- What the task asks
Retype the entries word for word, leaving nothing out.

- Spatial localization data
+ + +
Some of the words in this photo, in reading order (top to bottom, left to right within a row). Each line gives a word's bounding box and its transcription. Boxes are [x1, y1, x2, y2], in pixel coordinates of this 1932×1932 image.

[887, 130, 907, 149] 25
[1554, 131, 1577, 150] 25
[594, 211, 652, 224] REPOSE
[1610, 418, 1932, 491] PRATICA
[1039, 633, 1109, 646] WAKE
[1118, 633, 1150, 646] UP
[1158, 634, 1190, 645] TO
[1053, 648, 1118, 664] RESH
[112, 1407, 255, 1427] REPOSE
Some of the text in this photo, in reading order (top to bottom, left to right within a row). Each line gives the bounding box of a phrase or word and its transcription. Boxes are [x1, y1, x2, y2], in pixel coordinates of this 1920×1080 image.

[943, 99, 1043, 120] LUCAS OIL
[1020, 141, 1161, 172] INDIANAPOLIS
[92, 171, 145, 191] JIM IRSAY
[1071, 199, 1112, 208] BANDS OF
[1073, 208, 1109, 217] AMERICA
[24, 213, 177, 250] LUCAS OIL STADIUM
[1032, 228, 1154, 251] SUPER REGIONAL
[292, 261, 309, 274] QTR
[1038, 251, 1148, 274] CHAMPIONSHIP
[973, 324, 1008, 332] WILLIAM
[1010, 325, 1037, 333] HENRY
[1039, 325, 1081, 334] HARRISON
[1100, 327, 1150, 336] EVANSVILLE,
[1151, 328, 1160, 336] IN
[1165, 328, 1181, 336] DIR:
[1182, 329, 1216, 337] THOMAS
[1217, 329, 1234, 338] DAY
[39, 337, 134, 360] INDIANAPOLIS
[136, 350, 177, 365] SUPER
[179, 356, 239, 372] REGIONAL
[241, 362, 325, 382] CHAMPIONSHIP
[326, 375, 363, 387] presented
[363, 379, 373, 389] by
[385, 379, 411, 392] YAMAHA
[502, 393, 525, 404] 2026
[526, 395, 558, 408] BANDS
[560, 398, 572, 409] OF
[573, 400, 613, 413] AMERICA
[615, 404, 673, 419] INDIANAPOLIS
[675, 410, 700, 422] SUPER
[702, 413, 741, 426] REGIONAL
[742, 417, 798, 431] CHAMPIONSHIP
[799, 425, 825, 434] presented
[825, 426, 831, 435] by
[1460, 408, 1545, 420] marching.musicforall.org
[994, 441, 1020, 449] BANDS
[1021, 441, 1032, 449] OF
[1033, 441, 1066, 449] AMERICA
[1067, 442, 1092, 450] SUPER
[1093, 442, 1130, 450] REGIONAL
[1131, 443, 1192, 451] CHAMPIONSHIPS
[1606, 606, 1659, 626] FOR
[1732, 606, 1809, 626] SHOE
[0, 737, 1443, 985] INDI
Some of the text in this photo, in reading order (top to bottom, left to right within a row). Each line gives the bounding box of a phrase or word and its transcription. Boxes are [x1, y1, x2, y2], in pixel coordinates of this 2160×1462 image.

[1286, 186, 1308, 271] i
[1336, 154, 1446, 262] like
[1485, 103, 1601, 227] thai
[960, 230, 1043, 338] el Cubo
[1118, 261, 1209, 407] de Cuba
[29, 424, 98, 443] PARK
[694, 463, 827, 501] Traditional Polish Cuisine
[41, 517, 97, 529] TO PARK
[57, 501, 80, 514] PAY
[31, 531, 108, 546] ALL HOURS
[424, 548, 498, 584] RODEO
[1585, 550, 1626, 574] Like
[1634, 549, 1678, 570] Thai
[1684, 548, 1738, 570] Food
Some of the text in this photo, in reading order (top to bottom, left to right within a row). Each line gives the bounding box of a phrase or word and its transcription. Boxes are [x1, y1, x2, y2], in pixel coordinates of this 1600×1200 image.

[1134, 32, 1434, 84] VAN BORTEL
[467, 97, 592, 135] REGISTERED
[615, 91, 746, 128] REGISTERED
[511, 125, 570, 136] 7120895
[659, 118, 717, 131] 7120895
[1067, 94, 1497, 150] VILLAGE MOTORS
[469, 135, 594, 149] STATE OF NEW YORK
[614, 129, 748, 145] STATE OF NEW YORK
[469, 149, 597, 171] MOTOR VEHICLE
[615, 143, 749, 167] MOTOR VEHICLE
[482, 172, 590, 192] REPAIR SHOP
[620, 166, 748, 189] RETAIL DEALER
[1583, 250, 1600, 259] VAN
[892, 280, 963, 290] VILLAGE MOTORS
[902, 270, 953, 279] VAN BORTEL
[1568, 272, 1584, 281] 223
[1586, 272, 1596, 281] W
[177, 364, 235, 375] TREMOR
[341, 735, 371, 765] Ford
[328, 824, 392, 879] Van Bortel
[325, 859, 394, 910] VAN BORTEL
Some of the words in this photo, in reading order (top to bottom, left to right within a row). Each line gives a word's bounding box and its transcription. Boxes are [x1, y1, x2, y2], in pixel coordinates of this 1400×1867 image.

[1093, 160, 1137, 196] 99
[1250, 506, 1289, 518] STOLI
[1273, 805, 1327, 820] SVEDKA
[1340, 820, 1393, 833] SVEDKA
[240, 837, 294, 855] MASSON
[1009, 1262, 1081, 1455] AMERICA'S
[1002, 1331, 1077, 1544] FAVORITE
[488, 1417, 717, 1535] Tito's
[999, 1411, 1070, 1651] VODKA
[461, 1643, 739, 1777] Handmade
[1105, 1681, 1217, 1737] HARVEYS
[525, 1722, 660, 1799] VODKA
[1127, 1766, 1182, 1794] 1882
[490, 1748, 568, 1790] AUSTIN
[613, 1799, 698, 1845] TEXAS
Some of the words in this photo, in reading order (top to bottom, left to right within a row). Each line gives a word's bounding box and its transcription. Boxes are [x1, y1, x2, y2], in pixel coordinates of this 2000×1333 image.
+ + +
- Written answer
Some of the words in this photo, in reading order (top to bottom, left to right within a row). Each line gives a word's bounding box and its transcription. Boxes are [x1, y1, x2, y2], in pixel coordinates of this 1932×1932 image.

[887, 130, 907, 149] 25
[1554, 131, 1577, 150] 25
[594, 211, 652, 224] REPOSE
[1610, 418, 1932, 491] PRATICA
[1039, 633, 1109, 646] WAKE
[1118, 633, 1150, 646] UP
[1158, 634, 1190, 645] TO
[1053, 648, 1118, 664] RESH
[112, 1407, 255, 1427] REPOSE
Some of the text in this photo, in reading order (top to bottom, left to right within a row). Each line gives the bounding box of a phrase or word and its transcription. Boxes are [x1, y1, x2, y2], in pixel coordinates of this 1920×1080 image.

[943, 99, 1043, 120] LUCAS OIL
[1020, 141, 1161, 172] INDIANAPOLIS
[92, 171, 145, 191] JIM IRSAY
[1071, 199, 1112, 208] BANDS OF
[1073, 208, 1109, 217] AMERICA
[24, 213, 177, 250] LUCAS OIL STADIUM
[1032, 228, 1154, 251] SUPER REGIONAL
[292, 261, 309, 274] QTR
[1038, 251, 1148, 274] CHAMPIONSHIP
[973, 324, 1008, 332] WILLIAM
[1010, 325, 1037, 333] HENRY
[1039, 325, 1081, 334] HARRISON
[1100, 327, 1150, 336] EVANSVILLE,
[1151, 328, 1160, 336] IN
[1165, 328, 1181, 336] DIR:
[1182, 329, 1216, 337] THOMAS
[1217, 329, 1234, 338] DAY
[39, 337, 134, 360] INDIANAPOLIS
[136, 350, 177, 365] SUPER
[179, 356, 239, 372] REGIONAL
[241, 362, 325, 382] CHAMPIONSHIP
[326, 375, 363, 387] presented
[363, 379, 373, 389] by
[385, 379, 411, 392] YAMAHA
[502, 393, 525, 404] 2026
[526, 395, 558, 408] BANDS
[560, 398, 572, 409] OF
[573, 400, 613, 413] AMERICA
[615, 404, 673, 419] INDIANAPOLIS
[675, 410, 700, 422] SUPER
[702, 413, 741, 426] REGIONAL
[742, 417, 798, 431] CHAMPIONSHIP
[799, 425, 825, 434] presented
[825, 426, 831, 435] by
[1460, 408, 1545, 420] marching.musicforall.org
[994, 441, 1020, 449] BANDS
[1021, 441, 1032, 449] OF
[1033, 441, 1066, 449] AMERICA
[1067, 442, 1092, 450] SUPER
[1093, 442, 1130, 450] REGIONAL
[1131, 443, 1192, 451] CHAMPIONSHIPS
[1606, 606, 1659, 626] FOR
[1732, 606, 1809, 626] SHOE
[0, 737, 1443, 985] INDI
Some of the text in this photo, in reading order (top to bottom, left to right within a row). Each line gives the bounding box of a phrase or word and its transcription. Boxes are [x1, y1, x2, y2], in pixel coordinates of this 2160×1462 image.

[1286, 186, 1308, 271] i
[1336, 154, 1446, 262] like
[1485, 103, 1601, 227] thai
[960, 230, 1043, 338] el Cubo
[1118, 261, 1209, 407] de Cuba
[29, 424, 98, 443] PARK
[694, 463, 827, 501] Traditional Polish Cuisine
[41, 517, 97, 529] TO PARK
[57, 501, 80, 514] PAY
[31, 531, 108, 546] ALL HOURS
[424, 548, 498, 584] RODEO
[1585, 550, 1626, 574] Like
[1634, 549, 1678, 570] Thai
[1684, 548, 1738, 570] Food
Some of the text in this photo, in reading order (top to bottom, left to right within a row). Each line gives the bounding box of a phrase or word and its transcription. Boxes are [x1, y1, x2, y2], in pixel coordinates of this 1600×1200 image.

[1134, 32, 1434, 84] VAN BORTEL
[467, 97, 592, 135] REGISTERED
[615, 91, 746, 128] REGISTERED
[511, 125, 570, 136] 7120895
[659, 118, 717, 131] 7120895
[1067, 94, 1497, 150] VILLAGE MOTORS
[469, 135, 594, 149] STATE OF NEW YORK
[614, 129, 748, 145] STATE OF NEW YORK
[469, 149, 597, 171] MOTOR VEHICLE
[615, 143, 749, 167] MOTOR VEHICLE
[482, 172, 590, 192] REPAIR SHOP
[620, 166, 748, 189] RETAIL DEALER
[1583, 250, 1600, 259] VAN
[892, 280, 963, 290] VILLAGE MOTORS
[902, 270, 953, 279] VAN BORTEL
[1568, 272, 1584, 281] 223
[1586, 272, 1596, 281] W
[177, 364, 235, 375] TREMOR
[341, 735, 371, 765] Ford
[328, 824, 392, 879] Van Bortel
[325, 859, 394, 910] VAN BORTEL
Some of the words in this photo, in reading order (top to bottom, left to right within a row). Each line gives a word's bounding box and its transcription. Boxes are [x1, y1, x2, y2], in pixel coordinates of this 1400×1867 image.

[1093, 160, 1137, 196] 99
[1250, 506, 1289, 518] STOLI
[1273, 805, 1327, 820] SVEDKA
[1340, 820, 1393, 833] SVEDKA
[240, 837, 294, 855] MASSON
[1009, 1262, 1081, 1455] AMERICA'S
[1002, 1331, 1077, 1544] FAVORITE
[488, 1417, 717, 1535] Tito's
[999, 1411, 1070, 1651] VODKA
[461, 1643, 739, 1777] Handmade
[1105, 1681, 1217, 1737] HARVEYS
[525, 1722, 660, 1799] VODKA
[1127, 1766, 1182, 1794] 1882
[490, 1748, 568, 1790] AUSTIN
[613, 1799, 698, 1845] TEXAS
Some of the words in this photo, in reading order (top to bottom, left to right within a row). Each line gives a word's bounding box and its transcription. Boxes are [x1, y1, x2, y2], in pixel coordinates of this 2000×1333 image.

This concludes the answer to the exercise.